The problem
Give every entry again, word for word.

Data supplied

▼

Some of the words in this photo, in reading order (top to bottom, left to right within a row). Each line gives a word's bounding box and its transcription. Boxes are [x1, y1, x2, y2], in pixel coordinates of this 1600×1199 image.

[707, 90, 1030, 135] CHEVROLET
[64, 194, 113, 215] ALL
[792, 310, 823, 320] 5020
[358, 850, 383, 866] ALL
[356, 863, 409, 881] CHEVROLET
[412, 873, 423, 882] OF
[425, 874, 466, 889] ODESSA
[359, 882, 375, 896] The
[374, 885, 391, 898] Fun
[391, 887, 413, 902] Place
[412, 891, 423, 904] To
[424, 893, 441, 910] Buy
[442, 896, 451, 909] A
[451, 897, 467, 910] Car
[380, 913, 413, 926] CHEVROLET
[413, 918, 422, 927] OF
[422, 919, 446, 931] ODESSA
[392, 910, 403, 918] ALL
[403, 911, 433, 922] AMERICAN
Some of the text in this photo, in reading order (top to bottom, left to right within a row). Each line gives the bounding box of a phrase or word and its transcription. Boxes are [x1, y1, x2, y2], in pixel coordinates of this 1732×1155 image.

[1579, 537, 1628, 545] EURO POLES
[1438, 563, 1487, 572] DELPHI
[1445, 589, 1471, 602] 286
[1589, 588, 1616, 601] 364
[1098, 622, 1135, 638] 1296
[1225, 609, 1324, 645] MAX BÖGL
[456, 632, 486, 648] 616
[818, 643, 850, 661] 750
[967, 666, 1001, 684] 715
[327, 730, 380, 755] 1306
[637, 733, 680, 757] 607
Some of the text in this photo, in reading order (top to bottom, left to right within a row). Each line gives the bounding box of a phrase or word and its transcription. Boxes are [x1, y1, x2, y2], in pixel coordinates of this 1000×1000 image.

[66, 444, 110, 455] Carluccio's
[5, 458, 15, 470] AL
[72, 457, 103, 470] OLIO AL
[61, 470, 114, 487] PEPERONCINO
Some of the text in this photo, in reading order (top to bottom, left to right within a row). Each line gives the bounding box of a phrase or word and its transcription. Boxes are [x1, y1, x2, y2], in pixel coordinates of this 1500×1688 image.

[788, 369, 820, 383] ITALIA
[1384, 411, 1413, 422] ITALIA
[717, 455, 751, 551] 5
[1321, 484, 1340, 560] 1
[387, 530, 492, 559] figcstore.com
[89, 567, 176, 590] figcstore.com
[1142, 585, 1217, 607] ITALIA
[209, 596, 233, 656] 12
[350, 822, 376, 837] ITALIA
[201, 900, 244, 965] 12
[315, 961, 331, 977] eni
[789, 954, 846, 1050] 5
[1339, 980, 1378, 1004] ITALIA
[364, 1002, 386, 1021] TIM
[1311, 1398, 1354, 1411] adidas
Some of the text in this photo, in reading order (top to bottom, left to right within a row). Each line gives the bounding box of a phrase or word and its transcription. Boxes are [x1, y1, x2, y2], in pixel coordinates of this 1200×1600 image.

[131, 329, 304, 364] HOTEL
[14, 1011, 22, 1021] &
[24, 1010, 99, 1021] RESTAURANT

▲

Response to the task
Some of the words in this photo, in reading order (top to bottom, left to right within a row). Each line gives a word's bounding box and its transcription. Boxes are [x1, y1, x2, y2], in pixel coordinates of this 1600×1199 image.

[707, 90, 1030, 135] CHEVROLET
[64, 194, 113, 215] ALL
[792, 310, 823, 320] 5020
[358, 850, 383, 866] ALL
[356, 863, 409, 881] CHEVROLET
[412, 873, 423, 882] OF
[425, 874, 466, 889] ODESSA
[359, 882, 375, 896] The
[374, 885, 391, 898] Fun
[391, 887, 413, 902] Place
[412, 891, 423, 904] To
[424, 893, 441, 910] Buy
[442, 896, 451, 909] A
[451, 897, 467, 910] Car
[380, 913, 413, 926] CHEVROLET
[413, 918, 422, 927] OF
[422, 919, 446, 931] ODESSA
[392, 910, 403, 918] ALL
[403, 911, 433, 922] AMERICAN
Some of the text in this photo, in reading order (top to bottom, left to right within a row). Each line gives the bounding box of a phrase or word and its transcription. Boxes are [x1, y1, x2, y2], in pixel coordinates of this 1732×1155 image.

[1579, 537, 1628, 545] EURO POLES
[1438, 563, 1487, 572] DELPHI
[1445, 589, 1471, 602] 286
[1589, 588, 1616, 601] 364
[1098, 622, 1135, 638] 1296
[1225, 609, 1324, 645] MAX BÖGL
[456, 632, 486, 648] 616
[818, 643, 850, 661] 750
[967, 666, 1001, 684] 715
[327, 730, 380, 755] 1306
[637, 733, 680, 757] 607
Some of the text in this photo, in reading order (top to bottom, left to right within a row). Each line gives the bounding box of a phrase or word and its transcription. Boxes are [x1, y1, x2, y2], in pixel coordinates of this 1000×1000 image.

[66, 444, 110, 455] Carluccio's
[5, 458, 15, 470] AL
[72, 457, 103, 470] OLIO AL
[61, 470, 114, 487] PEPERONCINO
Some of the text in this photo, in reading order (top to bottom, left to right within a row). Each line gives the bounding box of a phrase or word and its transcription. Boxes are [x1, y1, x2, y2], in pixel coordinates of this 1500×1688 image.

[788, 369, 820, 383] ITALIA
[1384, 411, 1413, 422] ITALIA
[717, 455, 751, 551] 5
[1321, 484, 1340, 560] 1
[387, 530, 492, 559] figcstore.com
[89, 567, 176, 590] figcstore.com
[1142, 585, 1217, 607] ITALIA
[209, 596, 233, 656] 12
[350, 822, 376, 837] ITALIA
[201, 900, 244, 965] 12
[315, 961, 331, 977] eni
[789, 954, 846, 1050] 5
[1339, 980, 1378, 1004] ITALIA
[364, 1002, 386, 1021] TIM
[1311, 1398, 1354, 1411] adidas
Some of the text in this photo, in reading order (top to bottom, left to right within a row). Each line gives the bounding box of a phrase or word and its transcription. Boxes are [x1, y1, x2, y2], in pixel coordinates of this 1200×1600 image.

[131, 329, 304, 364] HOTEL
[14, 1011, 22, 1021] &
[24, 1010, 99, 1021] RESTAURANT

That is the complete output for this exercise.